Traum von eigener Werkstatt
Wohl fühlt sich in Moskau kaum ein Immigrant. In den vergangenen drei Monaten sei die Zahl der täglichen U-Bahn-Passagiere um 200000 gesunken, meldet die Zeitung «Iswestija» – weil viele Bauarbeiter wegen der Krise in ihre Heimat zurückgekehrt seien. Auch Safdar würde am liebsten nach Hause zurück. «Aber ich bleibe noch sechs, sieben Monate.» Er sucht noch einen richtig guten Job. Danach will er zu Hause im Pamir mit ein paar Freunden eine Autowerkstatt aufmachen. «Für Werkzeuge und Hydraulik brauchen wir 3000 Dollar. Bauen können wir selbst.» Vier, fünf Monate Schwerarbeit unter schlimmen Bedingungen trennen ihn von diesem Traum – wenn er den Lohn für die Arbeit erhält, und wenn die Skinheads ihn nicht erwischen.
Versteckt im Wald
Auf dem Kanonenofen brodeln zwei Teekessel, Acharow bricht eine neue Packung Würfelzucker an. «Wozu sollen wir zurück nach Tadschikistan?», fragt er. «Zum Hungern und zum Frieren?» Es gibt viel Brennholz im Slum, Holzabfälle vom Baumarkt. Es gibt eine Wasserpumpe, ein paar wackelige Imbissbuden, ein Kilo Gerste kostet dort einen Franken. Und es gibt Nachbarn, Schicksalsgenossen, meist junge kräftige Männer mit einfachen Gesichtern und billigen Wollmützen. Aber es gibt hier keinen Schutz.

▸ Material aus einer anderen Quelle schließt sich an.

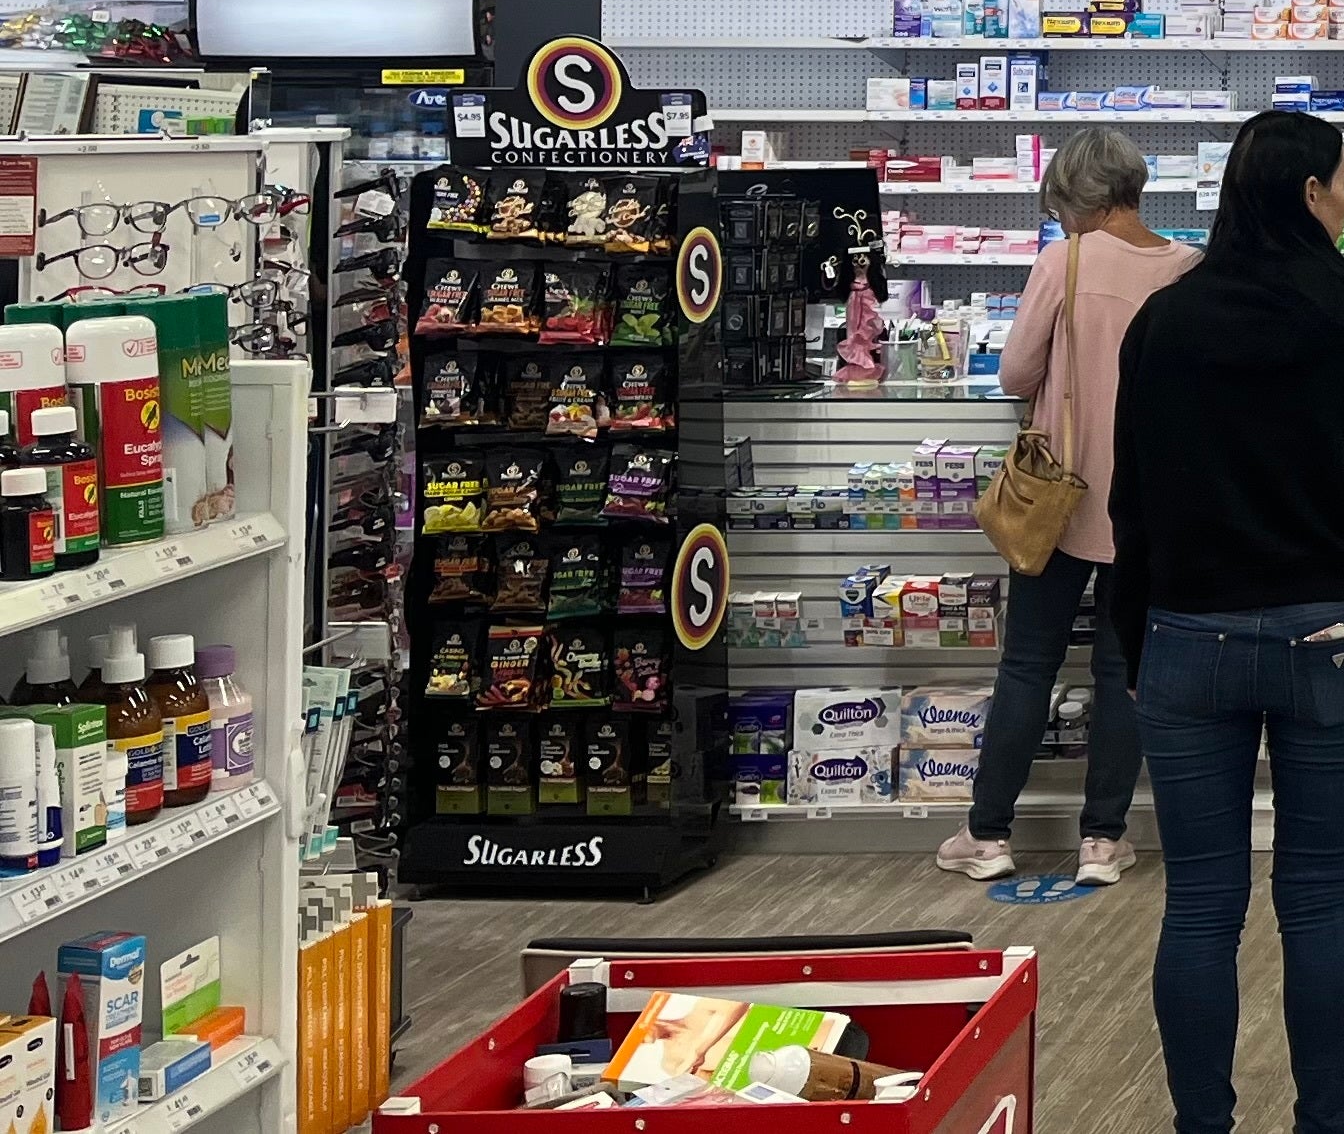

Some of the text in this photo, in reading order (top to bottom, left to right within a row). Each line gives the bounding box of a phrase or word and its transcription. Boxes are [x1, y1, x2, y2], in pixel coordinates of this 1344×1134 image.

[554, 55, 596, 113] S
[489, 112, 668, 149] SUGARLESS
[492, 152, 668, 163] CONFECTIONERY
[689, 244, 710, 304] S
[689, 546, 714, 626] S
[822, 707, 872, 720] Quilton
[918, 706, 981, 727] Kleenex
[814, 765, 863, 777] Quilton
[917, 760, 978, 780] Kleenex
[464, 835, 602, 866] SUGARLESS
[106, 991, 138, 1013] SCAR
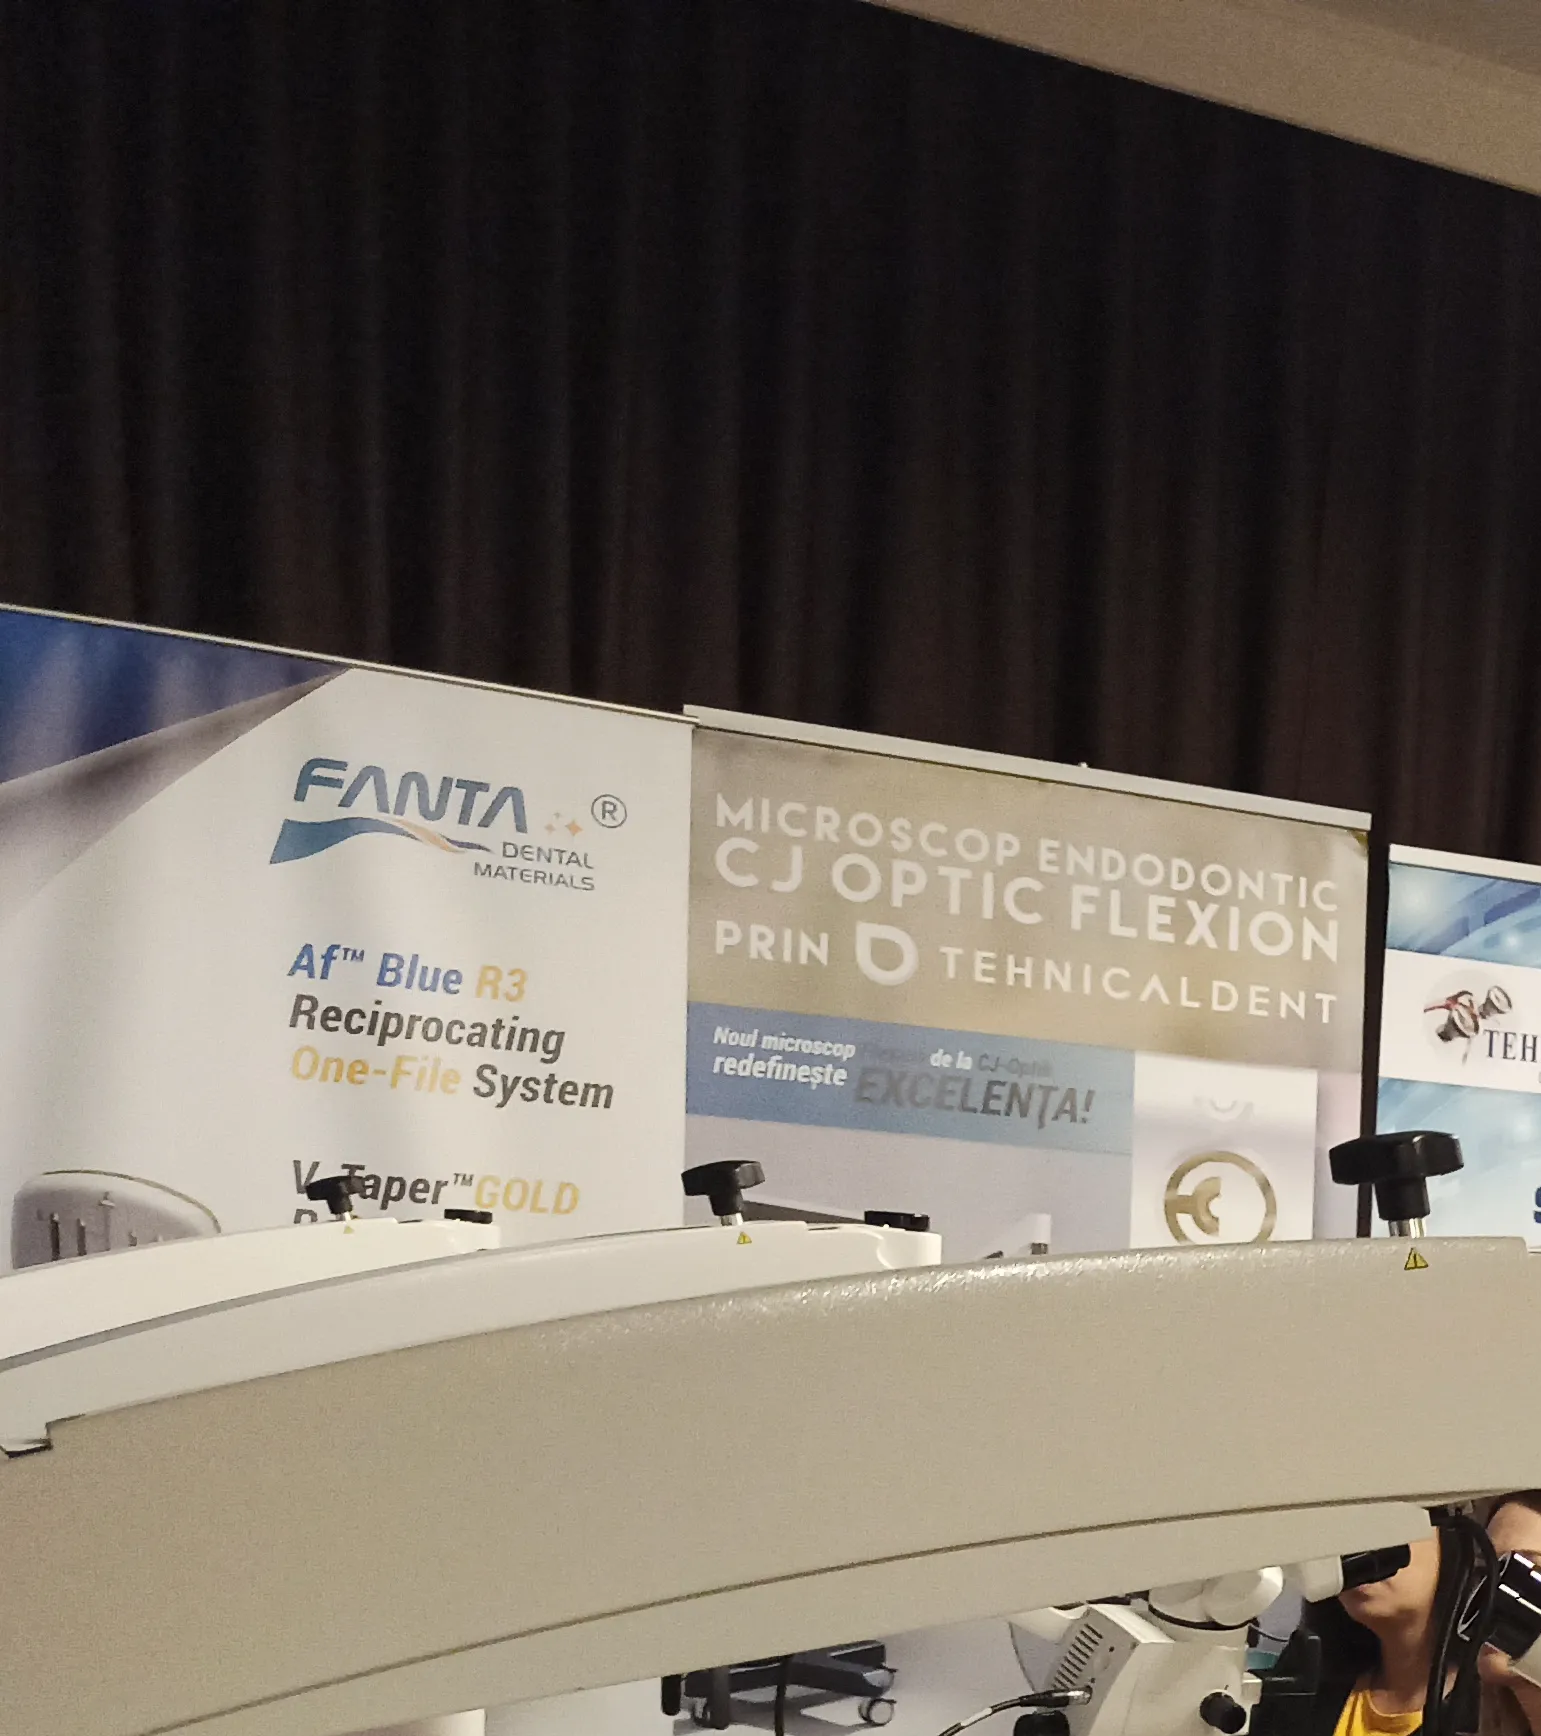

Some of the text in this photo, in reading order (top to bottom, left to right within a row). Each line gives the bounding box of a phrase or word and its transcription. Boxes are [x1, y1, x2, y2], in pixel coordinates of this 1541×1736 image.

[292, 756, 529, 834] FANTA
[473, 861, 596, 892] MATERIALS
[501, 840, 595, 870] DENTAL
[715, 793, 1339, 912] MICROSCOP ENDODONTIC
[715, 837, 1339, 963] CJ OPTIC FLEXION
[376, 951, 463, 996] Blue
[474, 964, 529, 1003] R3
[715, 919, 1338, 1024] PRIN TEHNICALDENT
[288, 994, 565, 1064] Reciprocating
[712, 1025, 759, 1048] Noul
[760, 1031, 857, 1062] microscop
[929, 1047, 953, 1069] de
[955, 1049, 974, 1071] la
[290, 1046, 615, 1110] One-File System

Zwei-, dreimal im Monat taucht die Einsatzpolizei im Slum auf. «Die Polizisten sammeln Geld und Handys ein», sagen die Gastarbeiter. Awas' Frau Daskal erzählt, das letzte Mal hätten die Polizisten ihre beiden Kinder in den Frost geschleppt, «um 500 Rubel aus uns herauszupressen» – 16 Franken. «Sie verprügeln Leute. Sogar die Gläubigen in der kleinen Moschee, die die Leute sich gebaut haben», sagt der Bürgerrechtler Bachrom Chamrojew. Gemäss einem Bericht von Human Rights Watch zwingen Milizionäre Gastarbeiter inzwischen auch zur Arbeit auf privaten Baustellen. Viele Asiaten verbergen sich inzwischen in den Wäldern um Moskau.
Der Baumarkt am Moskauer Autobahnring ist riesig. In einer Gasse stehen ein halbes Dutzend Milizionäre herum. Sie machen saure Gesichter. Vor ihnen liegt auf einem Stück Karton die Leiche eines jungen Gastarbeiters. Totenstarre oder Frost haben seine Knie gekrümmt. Ein junger Gastarbeiter, der heute von einem Lastwagen gefallen ist. Der Tote hat keine Träume mehr und keine Angst. Und nichts, was man ihm noch abnehmen könnte.